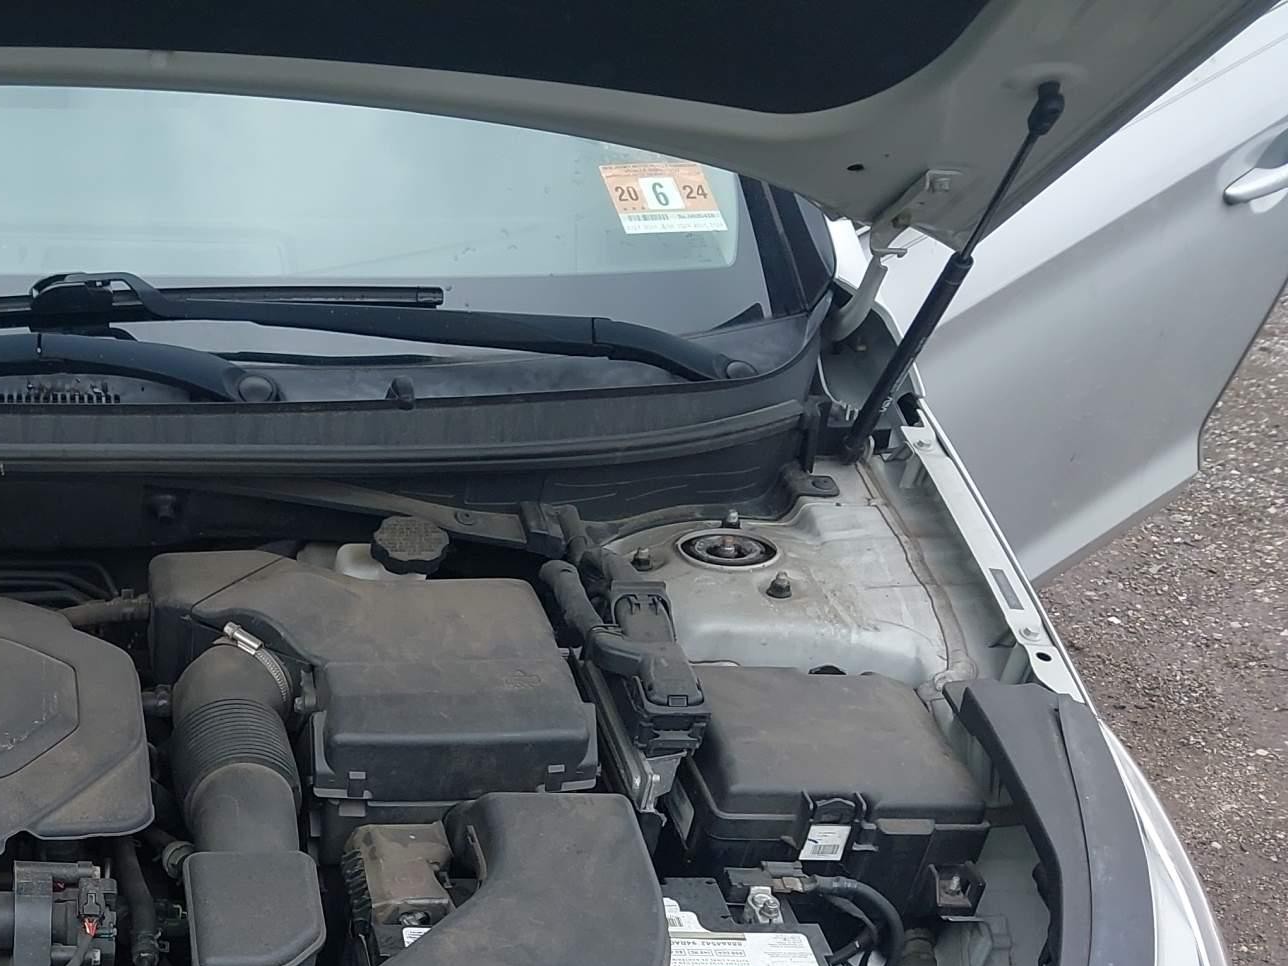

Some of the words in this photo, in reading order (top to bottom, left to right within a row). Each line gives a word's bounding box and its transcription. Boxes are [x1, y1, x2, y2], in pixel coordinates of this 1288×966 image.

[615, 186, 639, 201] 20
[652, 182, 669, 206] 6
[682, 184, 708, 200] 24
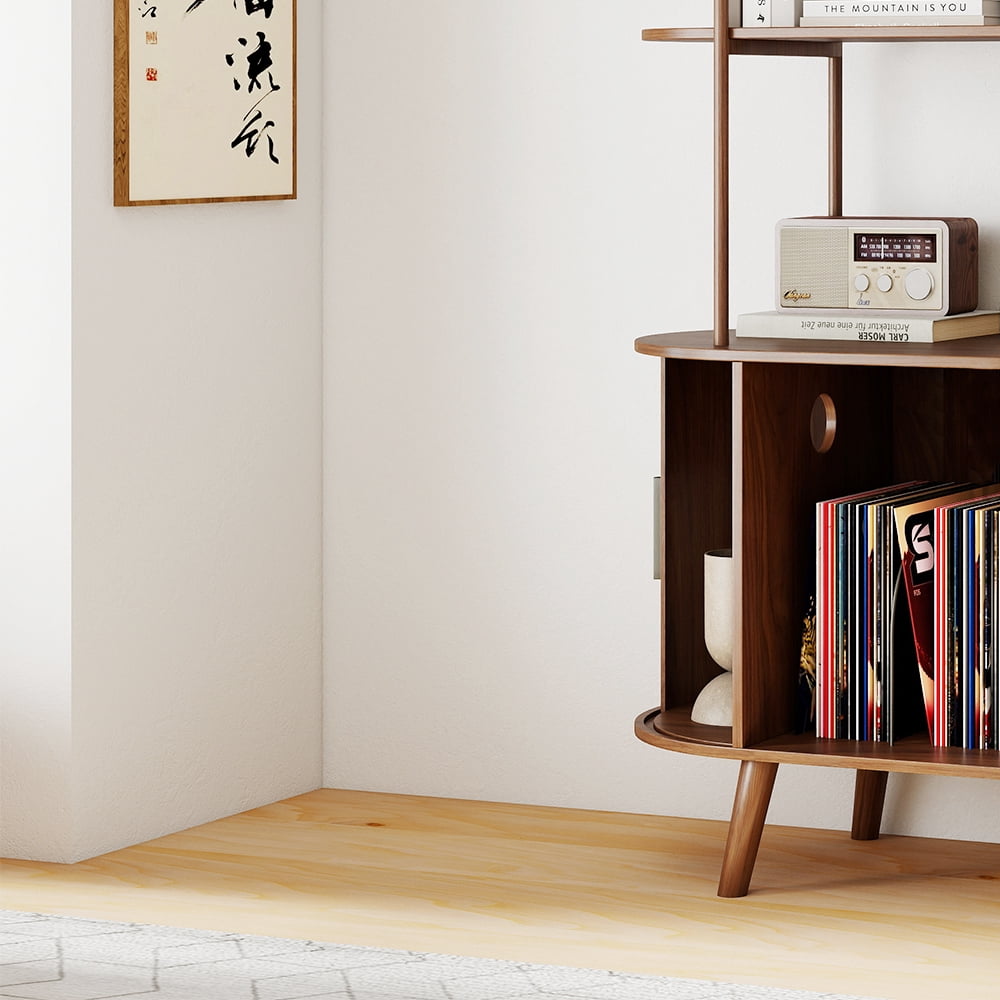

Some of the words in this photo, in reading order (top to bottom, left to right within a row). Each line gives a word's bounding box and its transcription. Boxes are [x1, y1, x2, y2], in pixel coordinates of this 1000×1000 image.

[825, 5, 845, 13] THE
[851, 4, 919, 13] MOUNTAIN
[924, 3, 936, 12] IS
[940, 3, 967, 12] YOU
[801, 320, 816, 330] Zeit
[817, 320, 836, 328] neue
[837, 321, 853, 330] eine
[855, 322, 866, 331] für
[868, 322, 910, 332] Architektur
[858, 332, 886, 340] MOSER
[888, 332, 909, 341] CARL
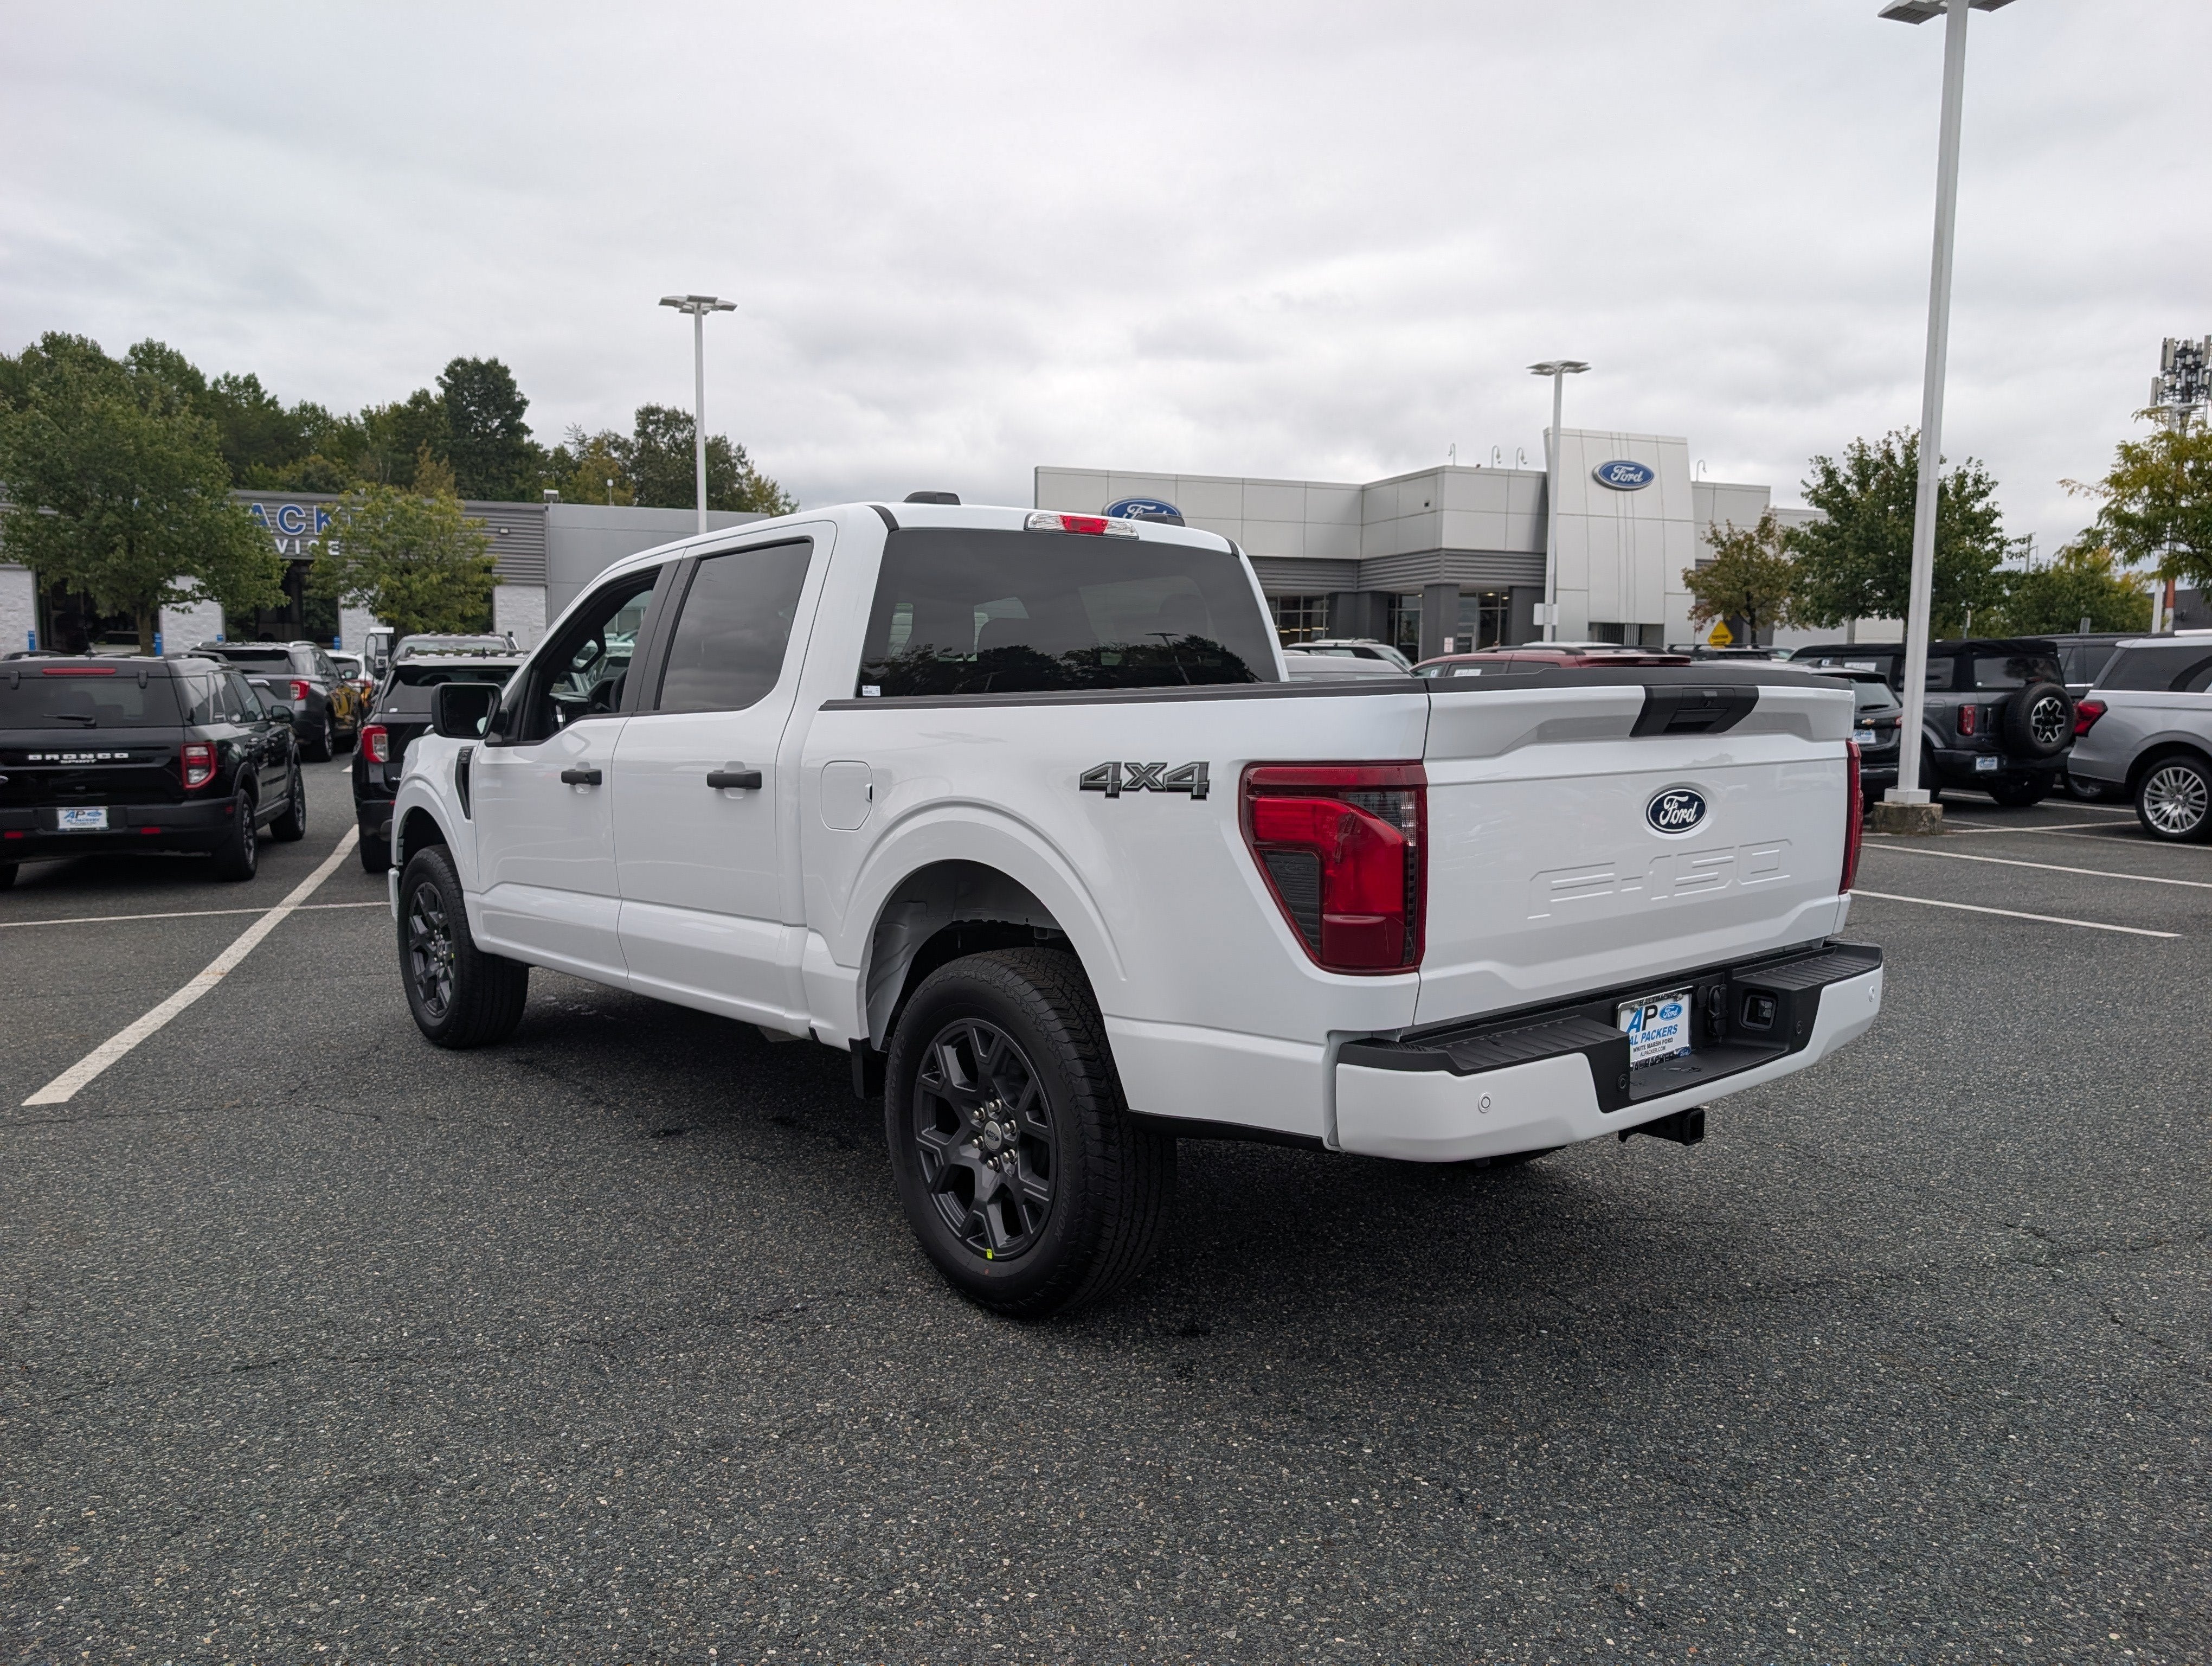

.....

### Problem requirements
What you write should match the entries exactly, except that the pictures are dropped.

### Written solution
Some of the words in this photo, in reading order (top to bottom, left to right within a row). Each line gives a word's bounding box and its transcription. Boxes are [x1, y1, x2, y2], in pixel coordinates of this 1288×966 image.

[615, 186, 639, 201] 20
[652, 182, 669, 206] 6
[682, 184, 708, 200] 24

Some of the words in this photo, in reading order (top to bottom, left to right within a row). Each line gives a word's bounding box and its transcription. Boxes are [x1, y1, x2, y2], in pixel coordinates of this 1000×1000 image.

[825, 5, 845, 13] THE
[851, 4, 919, 13] MOUNTAIN
[924, 3, 936, 12] IS
[940, 3, 967, 12] YOU
[801, 320, 816, 330] Zeit
[817, 320, 836, 328] neue
[837, 321, 853, 330] eine
[855, 322, 866, 331] für
[868, 322, 910, 332] Architektur
[858, 332, 886, 340] MOSER
[888, 332, 909, 341] CARL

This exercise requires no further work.